Abstract

Current molecular water-oxidation photoelectrocatalytic cells have substantial kinetic limitations under normal solar photon flux where electron-hole recombination processes may outcompete charge buildup on the catalytic centers. One method of overcoming these limitations is to design a system where multiple light-harvesting dyes work cooperatively with a single catalyst. We report a porphyrin monomer/dyad array for analysis of lateral hole transfer on a SnO2 surface consisting of a free-base porphyrin that functions to absorb light and initiate charge injection into the conduction band of SnO2, which leaves a positive charge on the organic moiety, and a free-base porphyrin/Zn-porphyrin dyad molecule that functions as a thermodynamic trap for the photoinduced holes. By using transient absorption spectroscopy, we have determined that the holes on the surface-bound free-base porphyrins are highly mobile via electron self-exchange between close-packed neighbors.

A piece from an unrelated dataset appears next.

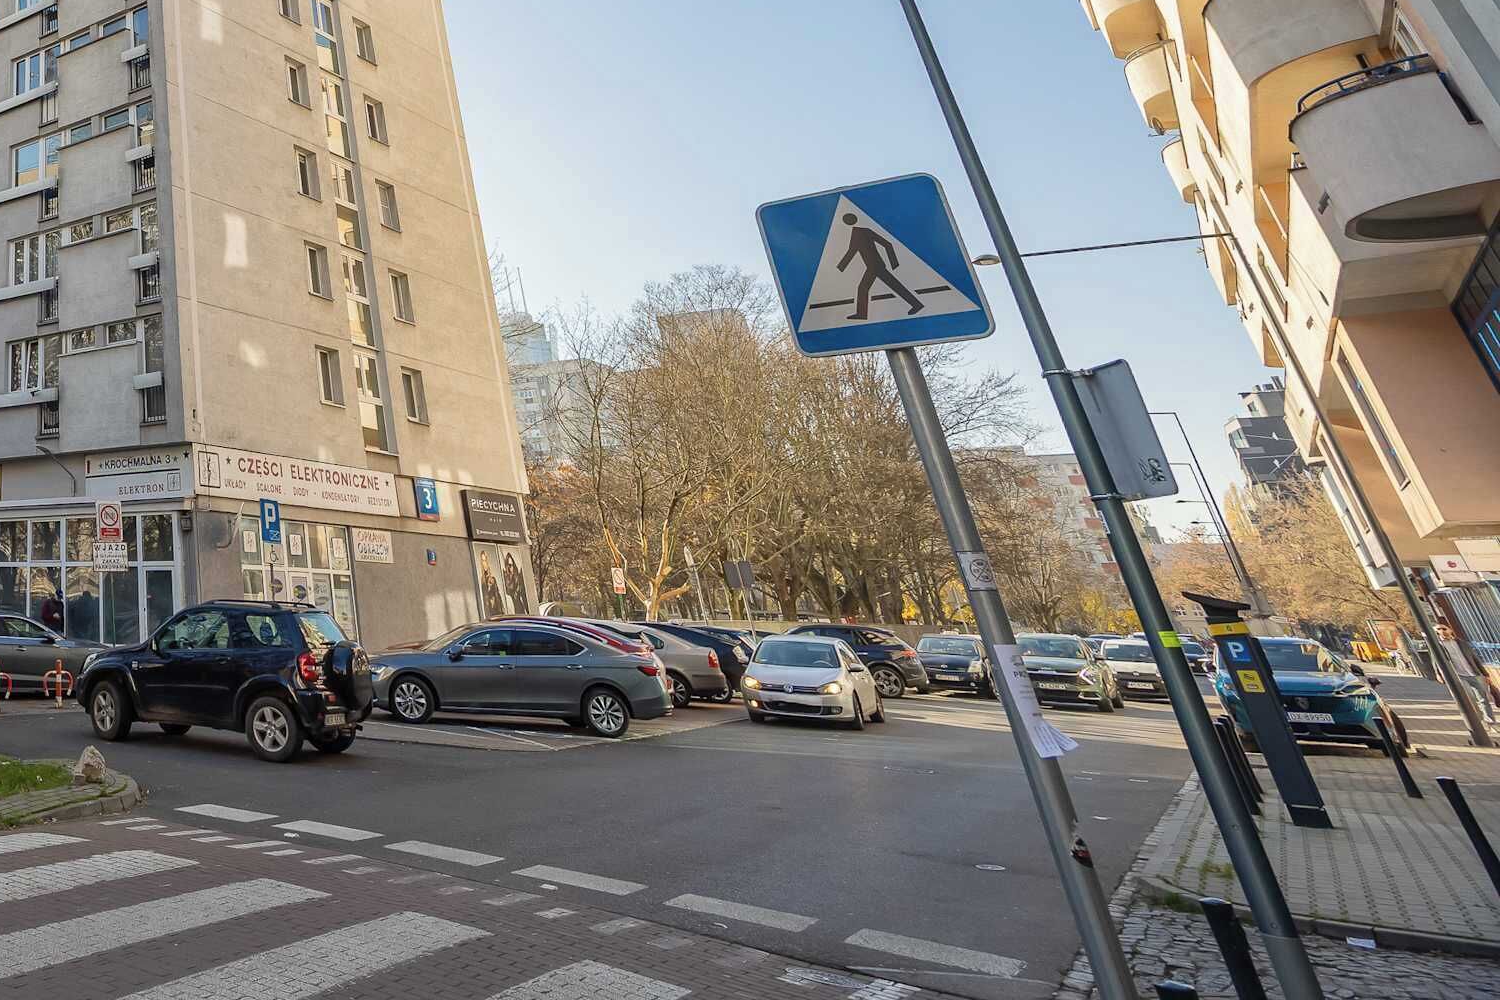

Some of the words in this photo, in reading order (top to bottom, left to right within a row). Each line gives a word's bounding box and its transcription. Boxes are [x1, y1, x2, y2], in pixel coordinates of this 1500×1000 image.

The lateral charge-transfer processes were modelled by treating the system statistically with a random-walk method that utilizes experimentally derived kinetic parameters. The results of the modelling indicate that each self-exchange (hop) occurs within 25 ns and that the holes are efficiently transferred to the Zn-porphyrin. This hole-harvesting scheme provides a framework for enhancing the efficiency of multielectron photoelectrocatalytic reactions such as the four-electron oxidation of water.